PMML (Predictive Modeling Markup Language) is an XML-based language used to define predictive models. It was developed by the Data Mining Group (DMG), a vendor-led consortium responsible for developing data mining standards, to provide a vendor-independent method of specifying models so that proprietary issues do not become a problem when models are exchanged between different applications. In this manner, no matter which application package is used to build your predictive model, it can easily be encoded into PMML and uploaded into ADAPA® for execution.
ADAPA® is a PMML 3.2 consumer and in addition to the example model files below, we also provide a set of data files which contain the model input as well as expected results.
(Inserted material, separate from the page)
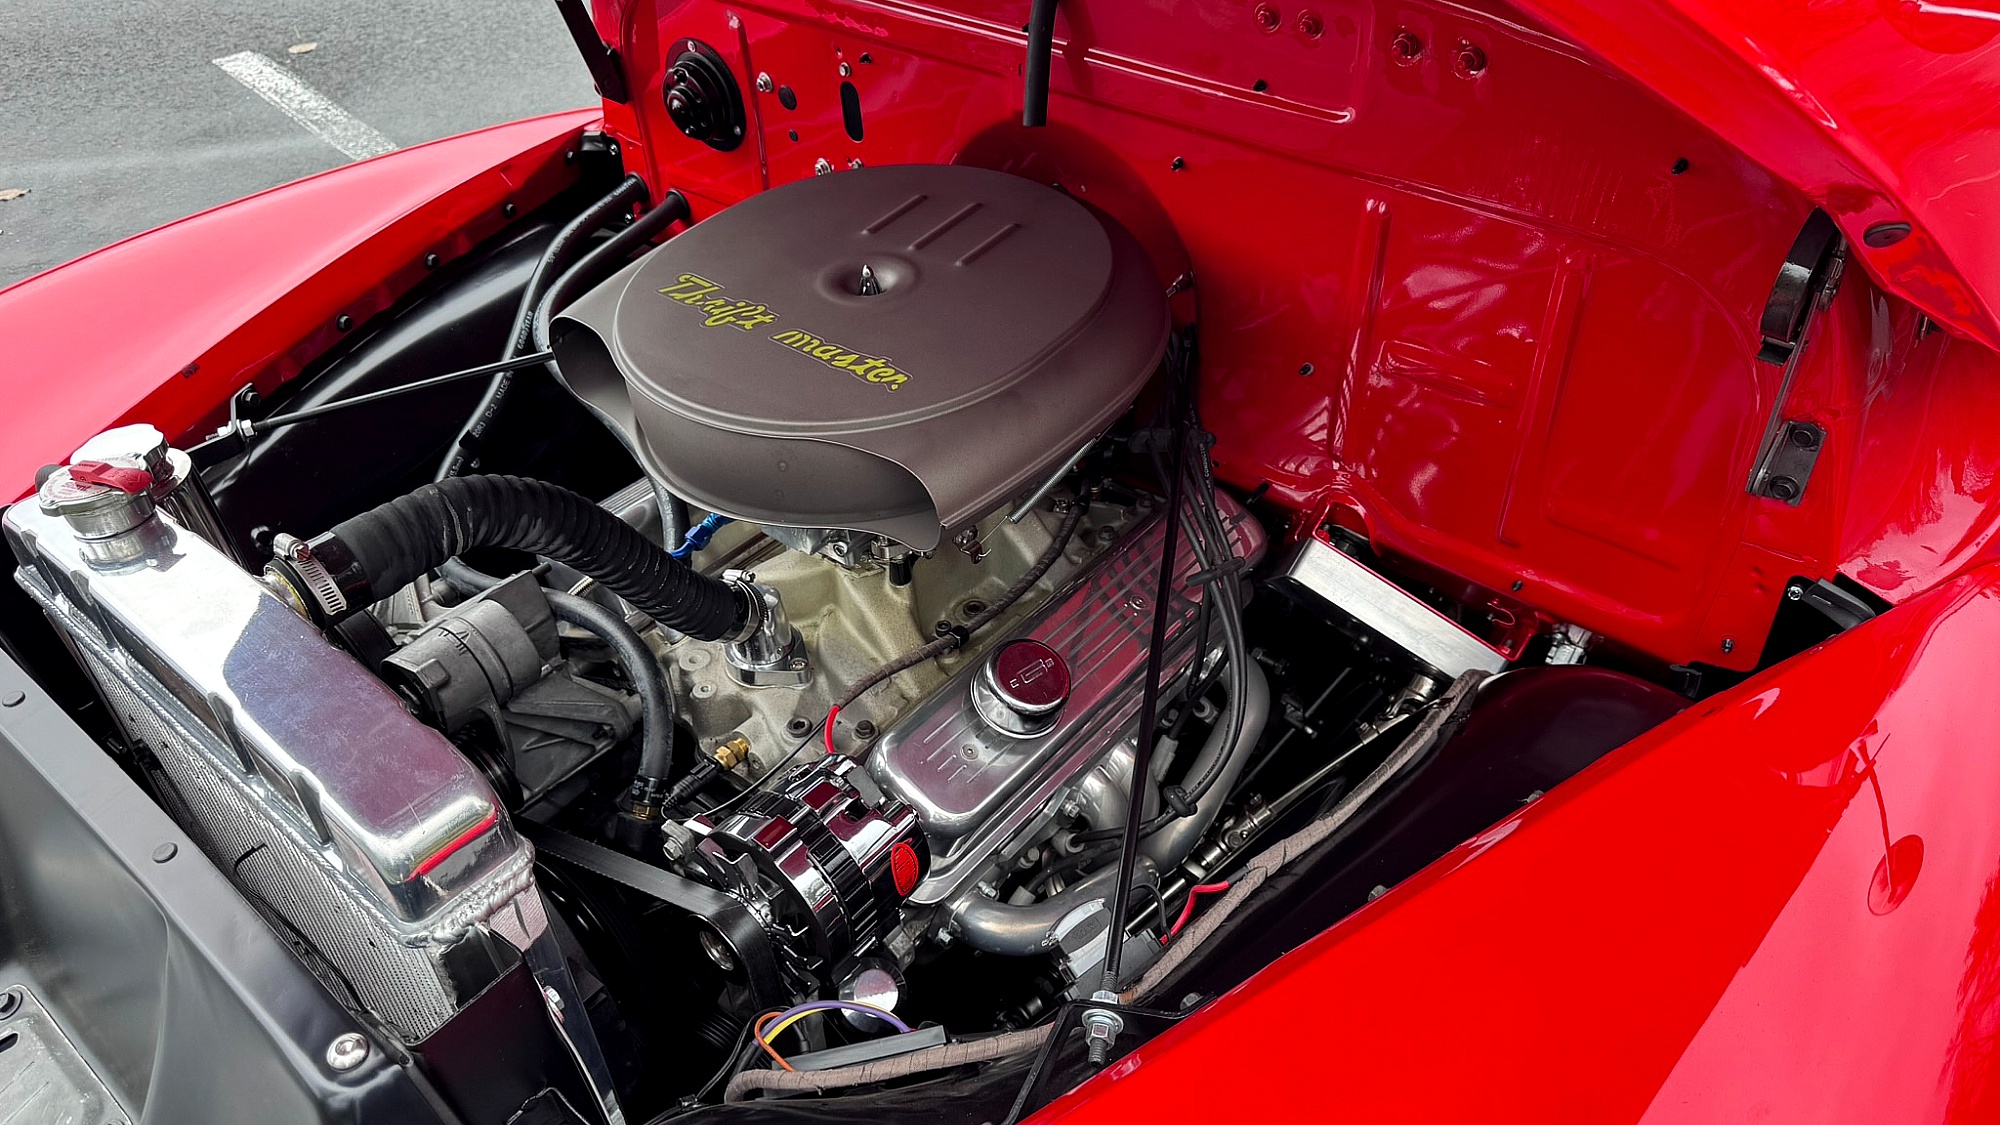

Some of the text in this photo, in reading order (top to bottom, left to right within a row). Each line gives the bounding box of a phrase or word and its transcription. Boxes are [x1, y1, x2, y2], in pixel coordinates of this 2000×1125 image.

[657, 273, 776, 330] Thrift
[517, 310, 534, 350] GOODYEAR
[496, 378, 511, 399] MADE
These files are used for model validation as they execute the model with a given input and compare the computed results against the expected output.
To experiment with the examples, please follow these steps:
- Save model and data file to your local computer
- Upload a model file in the ADAPA Demo
- Validate the model by executing the respective data file
The examples listed below are based on publicly available datasets.
| Model Type | PMML Model File | Dataset | Neural Network for binary classification | Audit_NN.xml | Audit_NN.csv |
|---|---|---|
| Support Vector Machine for binary classification | Audit_SVM.xml | Audit_SVM.csv |
| Neural Network | ElNino_NN.xml | ElNino_NN.csv |
| Neural Network for multi-class classification | Iris_NN.xml | Iris_NN.csv |
| Support Vector Machine for multi-class classification | Iris_SVM.xml | Iris_SVM.csv |
| Multinomial Logistic Regression (General Regression) | Iris_MLR.xml | Iris_MLR.csv |
| Generalized Linear Model (General Regression) | Shuttle_GZLM.xml | Shuttle_GZLM.csv |
Acknowledgements:
The DMG publishes a list of PMML sample models which inspired our collection of PMML 3.2 examples presented here.
For more information on the Iris and El Nino datasets, please refer to: Asuncion, A. & Newman, D.J. (2007). UCI Machine Learning Repository. Irvine, CA: University of California, School of Information and Computer Science.
The audit dataset is available through the R rattle package. For more information on rattle, please refer to http://rattle.togaware.com.
The shuttle O-ring data is based on a number of O-ring failures for each shuttle flight preceding the Challenger disaster. The cause of the explosion was determined to be an O-ring failure in the right solid rocket booster.
The Challenger disaster has become a case study in the possible consequences of poor data analysis.